▶ [Problem] Each line from the one containing "this 1600×900 image." through the last line of the data below should be printed exactly, please, with any pictures omitted.

Image-backed grounding data:

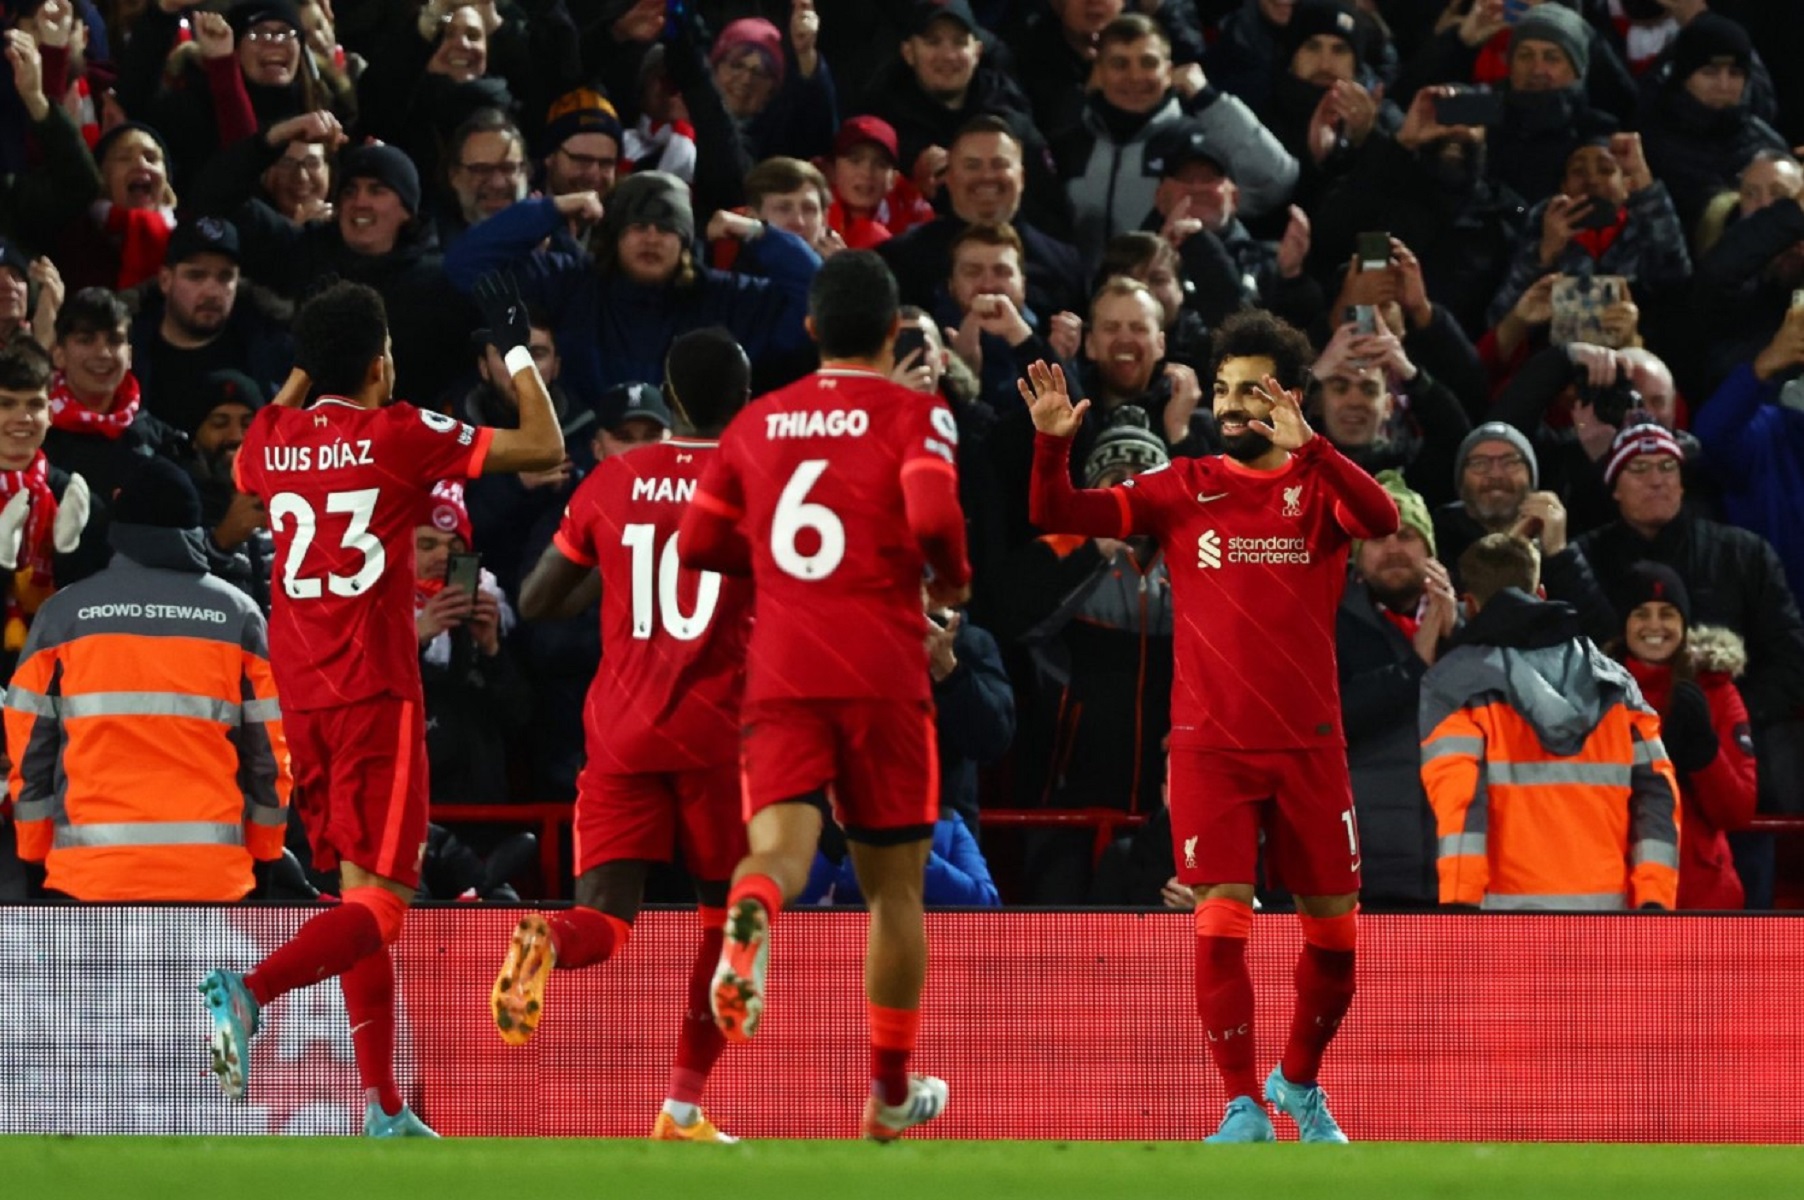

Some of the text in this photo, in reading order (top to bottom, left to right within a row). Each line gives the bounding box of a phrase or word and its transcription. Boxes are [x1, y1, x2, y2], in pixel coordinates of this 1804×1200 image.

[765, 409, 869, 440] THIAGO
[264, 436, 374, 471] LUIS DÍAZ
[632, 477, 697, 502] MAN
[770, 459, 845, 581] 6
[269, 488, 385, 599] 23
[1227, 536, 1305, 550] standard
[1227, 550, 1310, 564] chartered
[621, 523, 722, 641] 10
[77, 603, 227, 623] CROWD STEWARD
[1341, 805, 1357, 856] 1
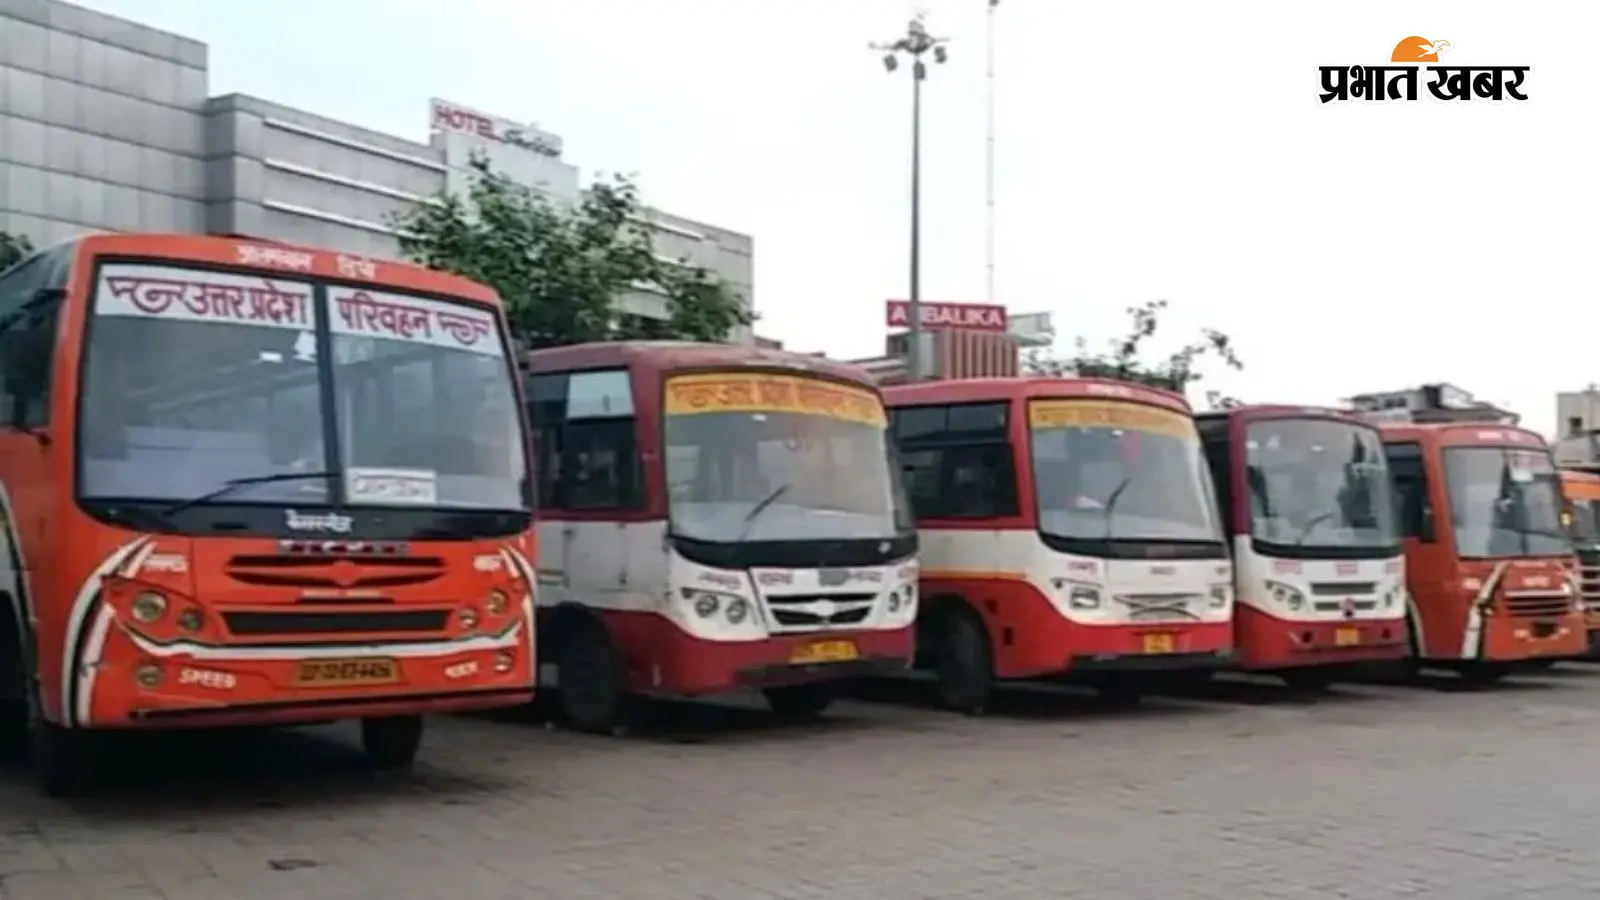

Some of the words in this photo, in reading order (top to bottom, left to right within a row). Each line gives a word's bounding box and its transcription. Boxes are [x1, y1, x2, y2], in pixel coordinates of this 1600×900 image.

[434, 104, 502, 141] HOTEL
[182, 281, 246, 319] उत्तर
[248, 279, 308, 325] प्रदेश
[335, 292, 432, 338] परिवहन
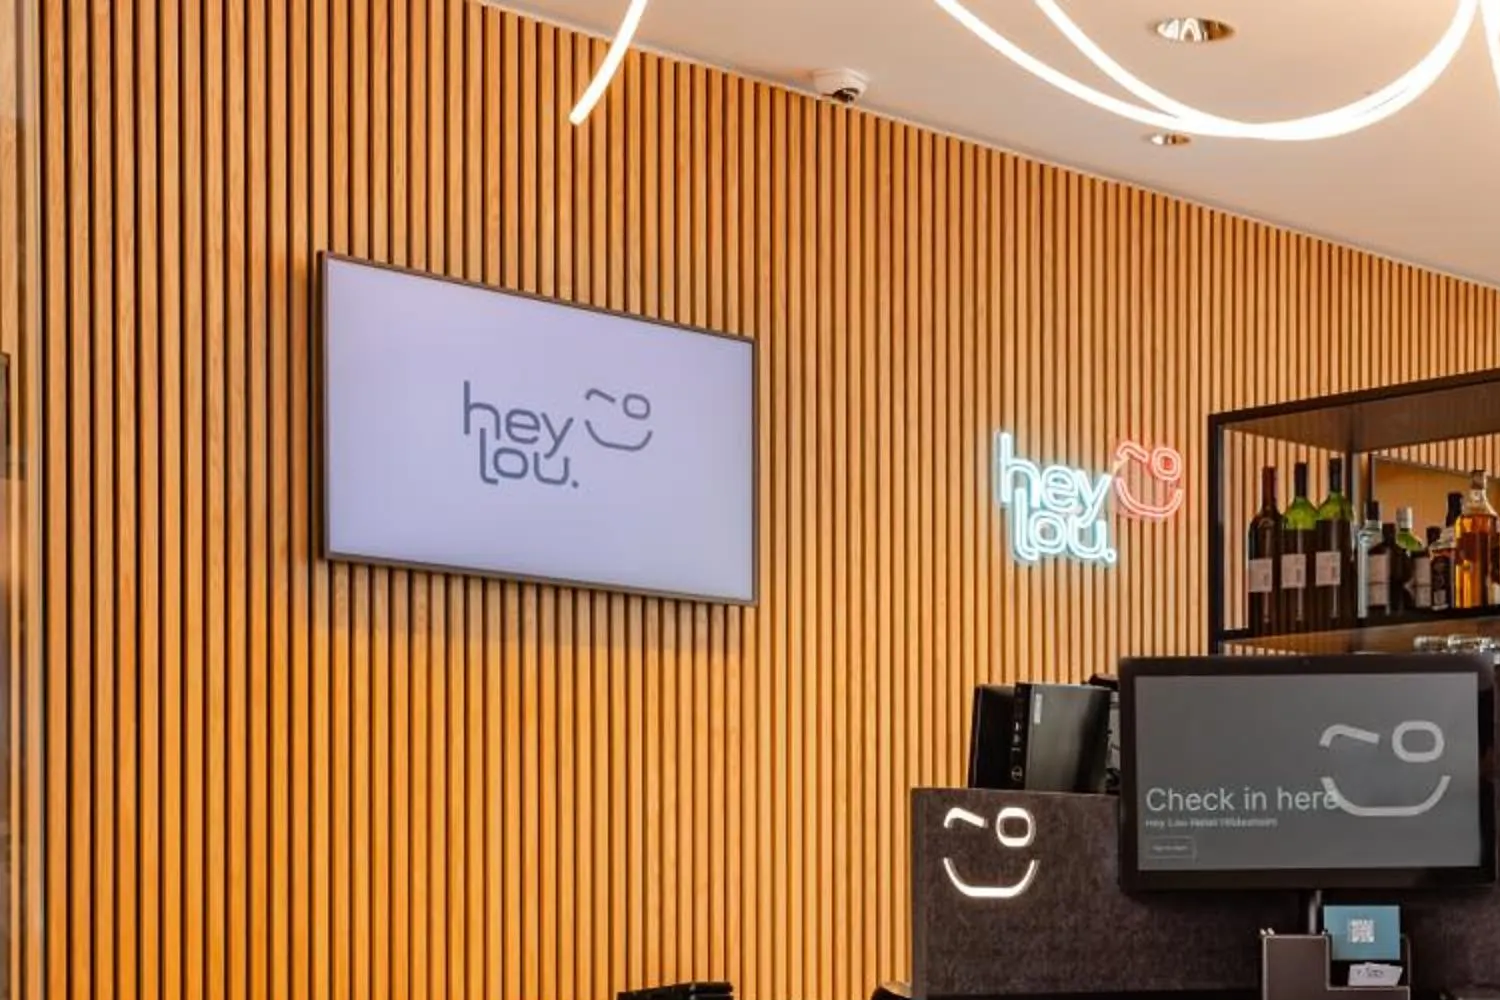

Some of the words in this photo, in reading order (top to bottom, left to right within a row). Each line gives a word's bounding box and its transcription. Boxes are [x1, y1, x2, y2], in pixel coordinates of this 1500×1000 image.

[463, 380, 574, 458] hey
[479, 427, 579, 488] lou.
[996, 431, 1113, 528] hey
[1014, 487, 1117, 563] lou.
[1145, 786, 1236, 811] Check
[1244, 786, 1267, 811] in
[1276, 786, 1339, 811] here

▶ [Task solution]
Some of the words in this photo, in reading order (top to bottom, left to right within a row). Each line gives a word's bounding box and its transcription. Boxes are [x1, y1, x2, y2], in pixel coordinates of this 1600×900 image.

[434, 104, 502, 141] HOTEL
[182, 281, 246, 319] उत्तर
[248, 279, 308, 325] प्रदेश
[335, 292, 432, 338] परिवहन

Some of the words in this photo, in reading order (top to bottom, left to right within a row). Each line gives a word's bounding box and its transcription. Boxes are [x1, y1, x2, y2], in pixel coordinates of this 1500×1000 image.

[463, 380, 574, 458] hey
[479, 427, 579, 488] lou.
[996, 431, 1113, 528] hey
[1014, 487, 1117, 563] lou.
[1145, 786, 1236, 811] Check
[1244, 786, 1267, 811] in
[1276, 786, 1339, 811] here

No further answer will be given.